MOFA2 0.99.1
Model selection is an important step in probabilistic modelling. As happens in most Bayesian models, the optimisation procedure of MOFA is not guaranteed to find a consistent optimal solution at every trial, and factors can vary between different model instances. Hence, it is important to asess the consistency of factors we trained models under different random parameter initialisations (different seeds).
Having said that, we observe MOFA to be very robust over trials. In practice, a single model is totally fine for an exploratory analysis.
library(MOFA2)
## Warning: replacing previous import 'DelayedArray::pnorm' by 'stats::pnorm'
## when loading 'MOFA2'
To illustrate the MOFA workflow we simulate a small example data set with 3 different views. make_example_data
generates an untrained MOFAobject containing the simulated data. If you work on your own data use create_mofa
to create the untrained MOFA object (see our vignettes on scRNA (gastrulation) or scMethylation (cortex)).

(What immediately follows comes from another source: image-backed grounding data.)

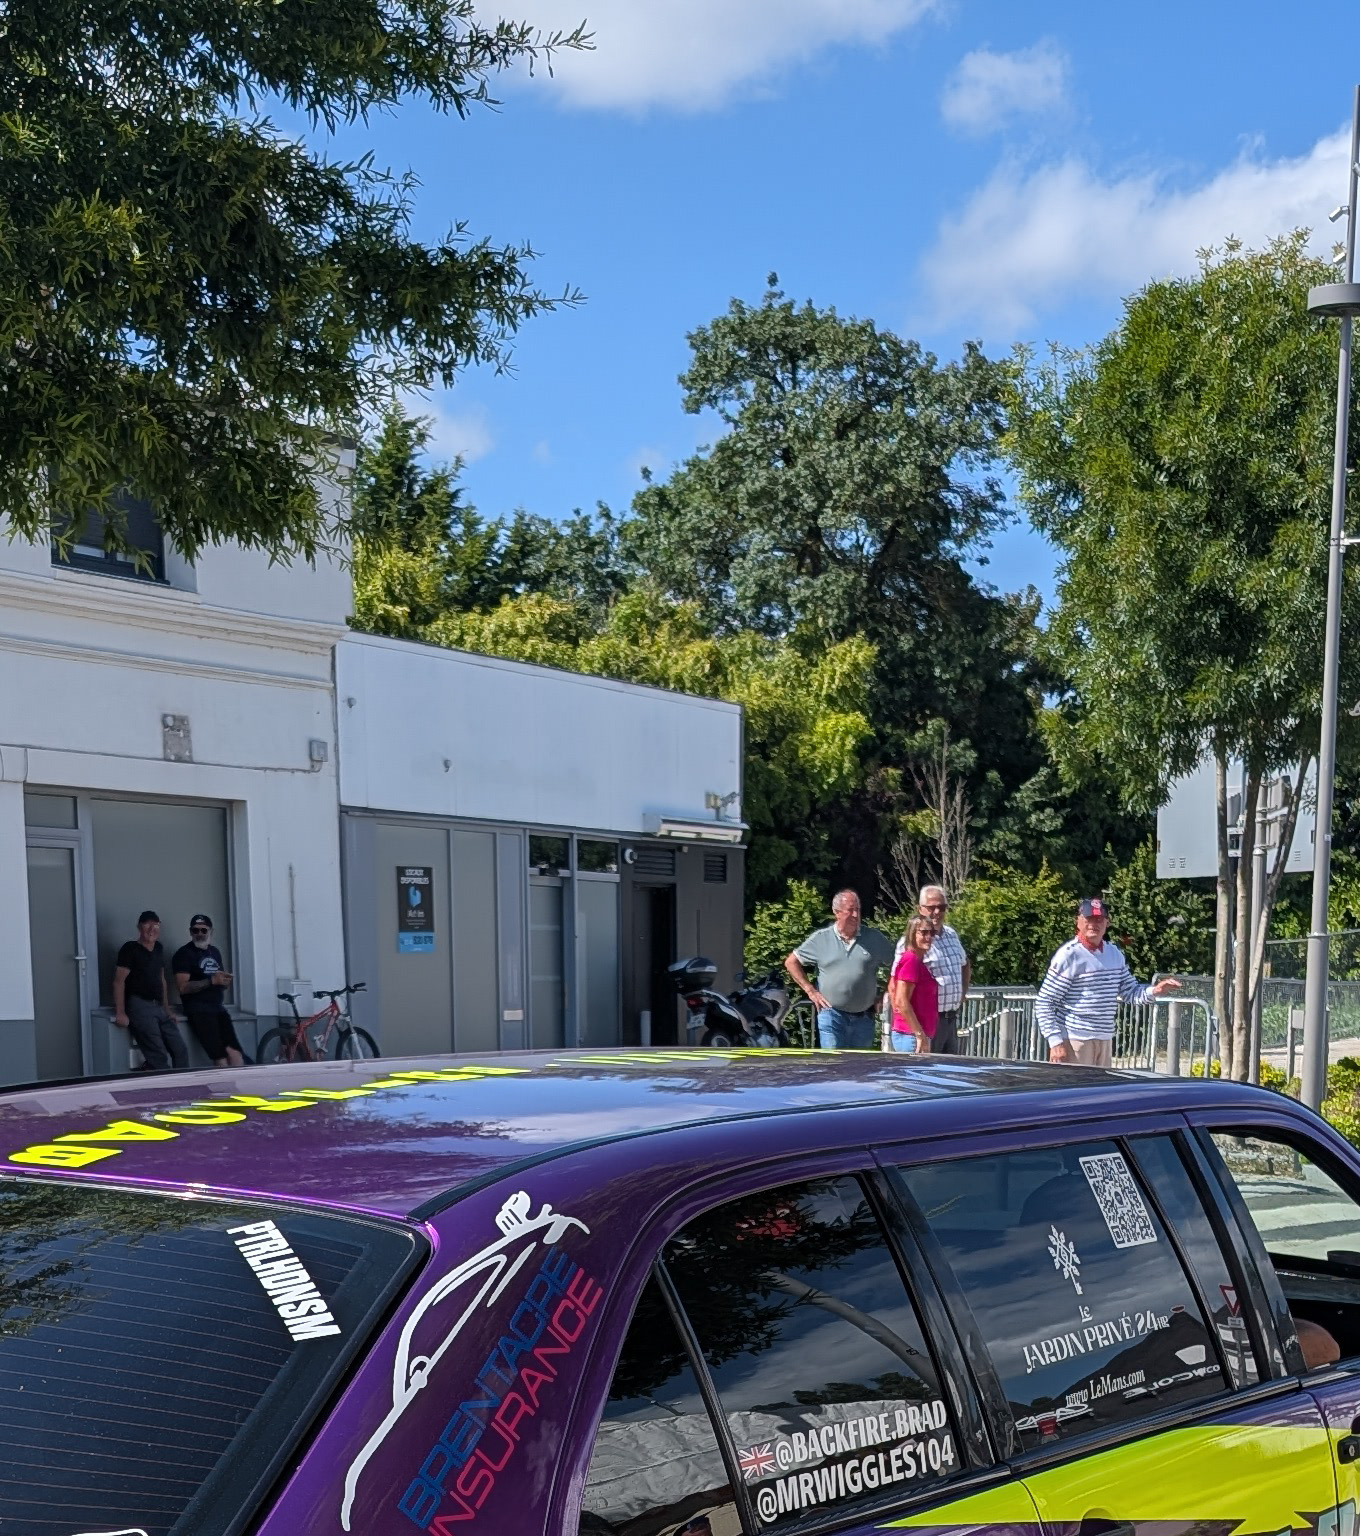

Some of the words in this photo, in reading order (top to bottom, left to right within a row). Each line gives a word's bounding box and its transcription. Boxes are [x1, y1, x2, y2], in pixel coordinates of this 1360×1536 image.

[226, 1219, 342, 1342] PTRLHDNSM
[1023, 1330, 1085, 1374] JARDIN
[1084, 1311, 1136, 1351] PRIVÉ
[397, 1246, 579, 1530] BRENTACRE
[757, 1434, 955, 1523] @MRWIGGLES104
[775, 1399, 947, 1471] @BACKFIRE.BRAD

By default the function make_example_data
produces a small data set containing 3 views with 100 features each and 2 groups with 50 samples each. These parameters can be varied using the arguments n_views
, n_features
, n_groups
and n_samples
.
set.seed(1234)
sim_data <- make_example_data()
MOFAobject <- create_mofa(sim_data$data, groups = sim_data$groups)
## Creating MOFA object from a list of matrices (features as rows, sample as columns)...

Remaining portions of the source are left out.